Every Monday morning, I take Milin and Jasmin to our local playgroup. It’s in a cold church hall, the carpet looks like it was last hoovered 3 years ago, and the wall of noise that hits you when you open the front door gives me a headache. But the children love it.
My relationship with playgroup has never been easy. It’s always been somewhere I have gone to out of a sense of obligation – and I can’t say I’ve ever looked forward to it. This week though, something changed. I realised it’s time to stop carrying around the burden of guilt I take through the door with me each week. I don’t like it, and that’s ok.
I’m in the midst of my longest continuous stint of going to playgroup. You might remember that this stint started back in September. It was a new term full of promise, I was feeling confident about outings with two children, I was looking for something for us to do on Monday mornings… and so I went back to playgroup. (I’d abandoned it a year earlier because keeping an eye on a toddler and a newborn in a room full of toys and 30 other children was too much hard work).
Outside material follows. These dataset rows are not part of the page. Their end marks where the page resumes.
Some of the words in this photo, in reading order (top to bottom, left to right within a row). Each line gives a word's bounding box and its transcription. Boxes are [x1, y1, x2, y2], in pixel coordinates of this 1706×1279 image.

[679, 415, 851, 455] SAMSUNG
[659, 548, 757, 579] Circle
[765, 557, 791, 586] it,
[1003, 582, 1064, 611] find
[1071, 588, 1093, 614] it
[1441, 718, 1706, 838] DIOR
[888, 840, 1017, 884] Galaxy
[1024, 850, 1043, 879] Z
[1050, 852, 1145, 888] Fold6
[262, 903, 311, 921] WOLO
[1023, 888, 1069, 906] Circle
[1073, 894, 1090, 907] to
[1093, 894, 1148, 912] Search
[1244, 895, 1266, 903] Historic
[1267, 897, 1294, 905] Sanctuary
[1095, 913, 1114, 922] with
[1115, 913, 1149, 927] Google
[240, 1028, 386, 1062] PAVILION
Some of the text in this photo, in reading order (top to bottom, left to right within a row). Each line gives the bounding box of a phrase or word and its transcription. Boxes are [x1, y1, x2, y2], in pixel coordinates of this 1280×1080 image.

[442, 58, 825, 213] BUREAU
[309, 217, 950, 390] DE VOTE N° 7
This September though, I braved our return. That first week went ok – I even wrote a post about how I thought it might be different this time, and I made a little video of the kids playing happily on the dirty carpet.
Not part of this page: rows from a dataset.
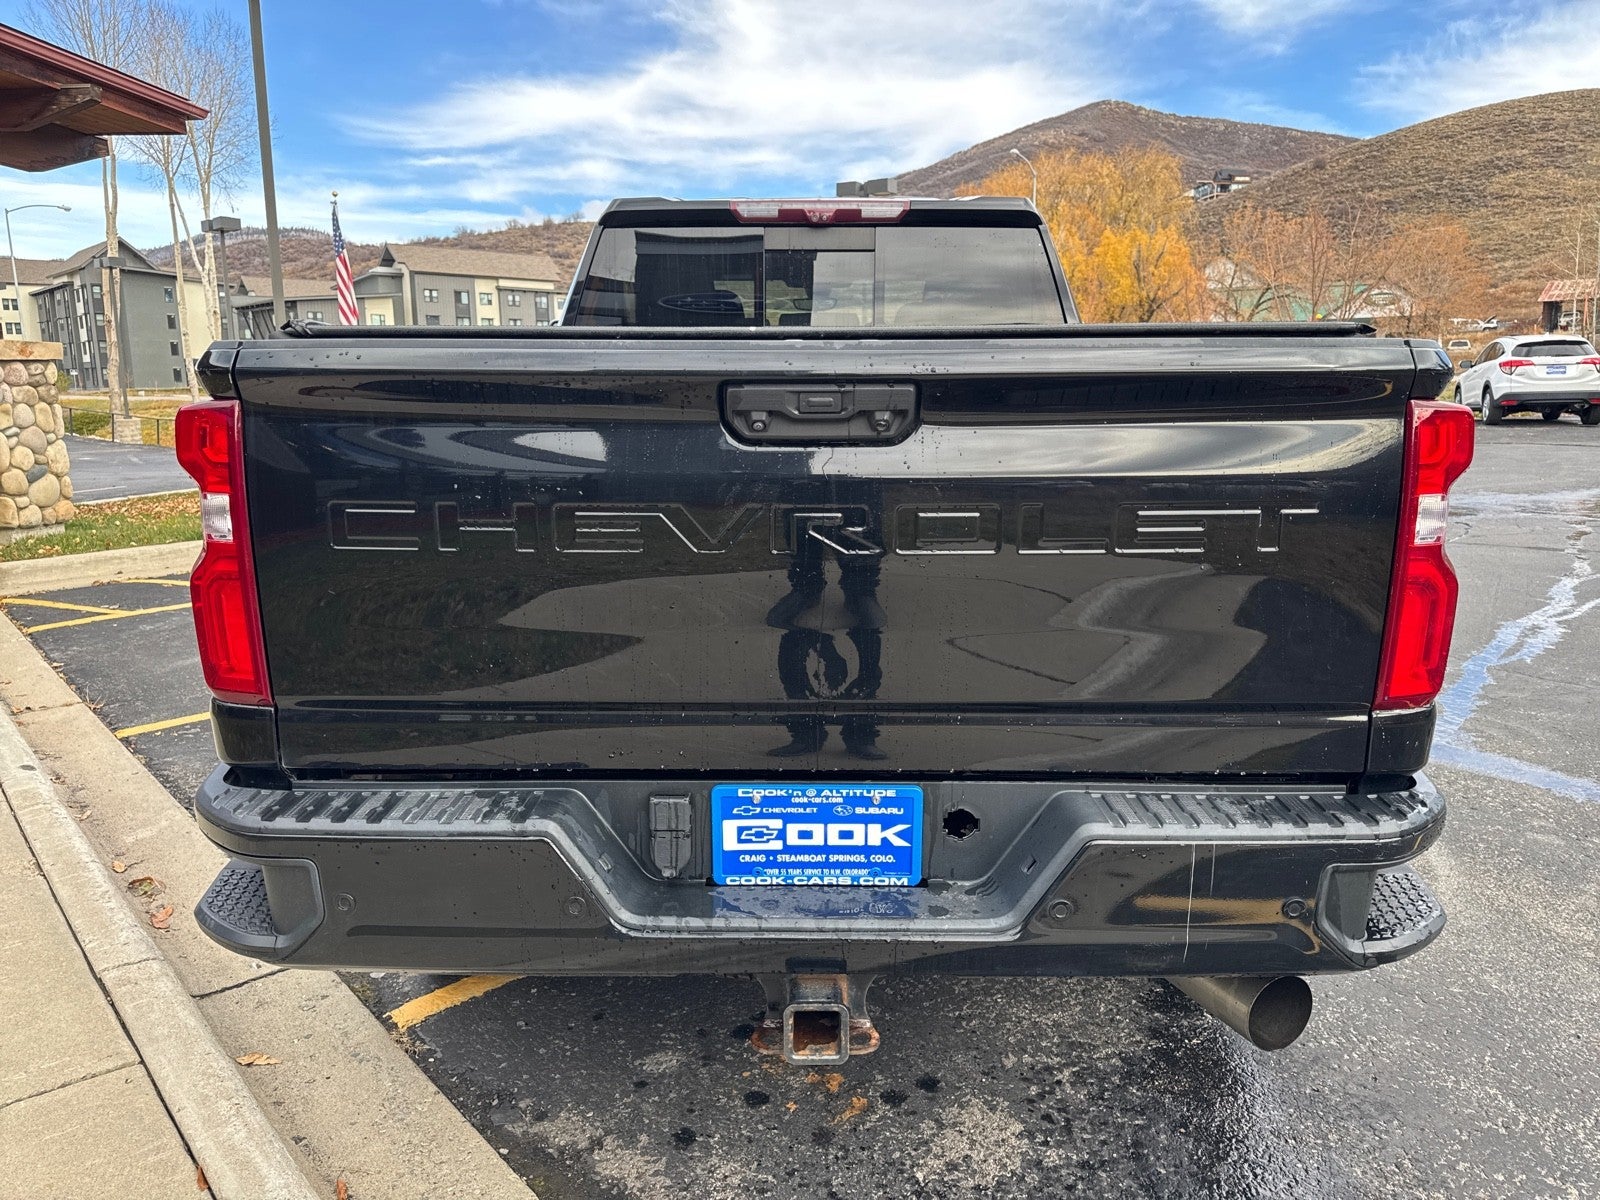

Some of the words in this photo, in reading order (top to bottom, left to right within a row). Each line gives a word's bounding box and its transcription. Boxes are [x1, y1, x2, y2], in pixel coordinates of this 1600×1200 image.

[328, 500, 1320, 555] CHEVROLET
[821, 789, 897, 797] ALTITUDE
[791, 796, 844, 804] cook-cars.com
[854, 807, 904, 815] SUBARU
[722, 818, 912, 851] COOK
[739, 854, 767, 863] CRAIG
[776, 854, 826, 863] STEAMBOAT
[828, 854, 868, 864] SPRINGS,
[870, 854, 896, 863] COLO.
[780, 868, 787, 876] 55
[787, 868, 803, 876] YEARS
[803, 868, 822, 876] SERVICE
[823, 868, 830, 876] TO
[725, 876, 909, 886] COOK-CARS.COM
But we’re two months in now and I can say it. Nothing’s changed. The kids are still happy there. But I don’t like playgroup.
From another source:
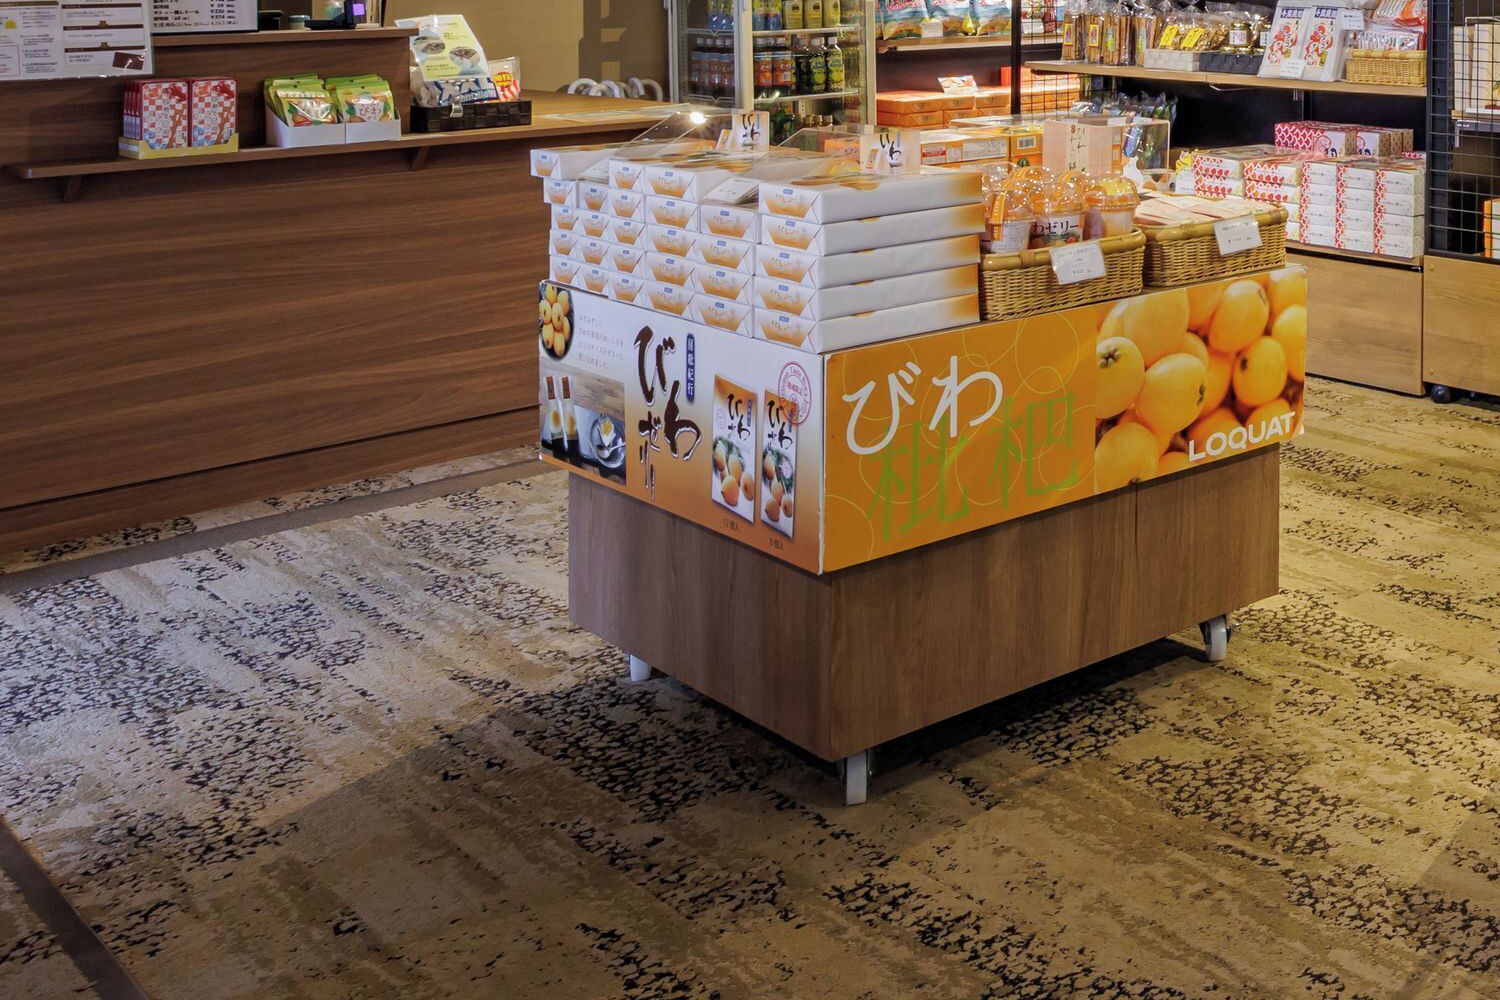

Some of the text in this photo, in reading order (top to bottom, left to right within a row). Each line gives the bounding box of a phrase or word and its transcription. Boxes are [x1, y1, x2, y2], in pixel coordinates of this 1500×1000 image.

Yes – the benefits remain – it’s an easy rainy day option which gets us out of the house, it’s cheap and there’s no termly sign-up fee or register, the kids get to socialise with other children and play with other toys… I’m sure there’s other great things about it too.
But – then there’s the other stuff. I never, ever, ever manage to drink a coffee. I know this isn’t a big problem in the scheme of things, but I like coffee. It’s the thing that makes life work for me and I’d be a mess without it. So when something is noisy and bad and dirty – good coffee can make it better. This never happens at playgroup though because I don’t get both hands free for long enough.
The small talk is worse than not having a coffee. I’ve stopped joining in – I’ve realised. Broken conversations, left hurriedly because Jasmin is crying because a big girl pushed her over, just don’t do it for me. In the 27 seconds I get between joining in a play rescue with Milin and picking pushed-over Jasmin off the floor – I’m not going to suddenly bond with someone I might never meet again just because our kids look like they might be the same age.
I know playgroup isn’t about finding a best friend. And I know that for new mums it can be a lifeline. In fact, the kind-of-playgroup (SPACE programme) I went to in New Zealand from when Milin was five weeks old was a time of the week I looked forward to desperately. I made friends who I still keep in touch with, despite being on the other side of the world. But the sessions were calmer, more structured, and I was a new mum who needed that contact with others in my situation.
Now, perhaps, I’ve just accepted that we all go through rubbish times, and my good times will alternate with the bad, but no-one knows my children better than me and talking about how my child doesn’t eat won’t make things change.
And then – to return to the not-great-things-about-playgroup – then, there’s the guilt. I go to playgroup because I feel like I should. I’m not blaming anyone else for this – it’s a situation I’ve crafted all by myself – but I for some reason have felt like like it’s good for the kids to spend their Monday mornings in a big cold room full of mismatched toys and a snack of a little fruit and biscuits I’d rather they didn’t know about.
So it stops here.
I don’t get enough time with my children. My three days at work mean there’s three days in the week when I don’t get to hang out with them. On one of the four remaining, I’m over doing things because I feel like I should.
Milin goes to nursery. Jasmin goes to music. The kids go to swimming. They have cousins and friends and play dates, they’re spoilt with trips to the zoo, museums, the theatre. We go walking loads – playing pooh sticks, going to the park, collecting pretty leaves and going on bear hunts – we have all this wrapped up. We paint silly pictures, we make train tracks, we play crazy funny games, we read, we laugh…. we don’t need playgroup.
I know it’s right for some people. But for me, just now, I’m giving away my sense of obligation that it’s good for the kids. Everything I do for Milin and Jasmin is good for them. Not going to a weekly playgroup won’t make them live less fulfilled lives, it won’t make them hate me, it won’t make them want for fun.
There might be the odd week, I know, particularly through the winter, when I’ll crave the easy set-up of that church hall – and so, we’ll go back. But until then, I’m putting a stop to doing things because I’ve told myself I should.
It’s not a coincidence that I started taking Milin and Jasmin to playgroup when I returned to work. But enough with the guilt of filling up our days off together. I know our hours together are happy and full. From now on, that’s going to be enough.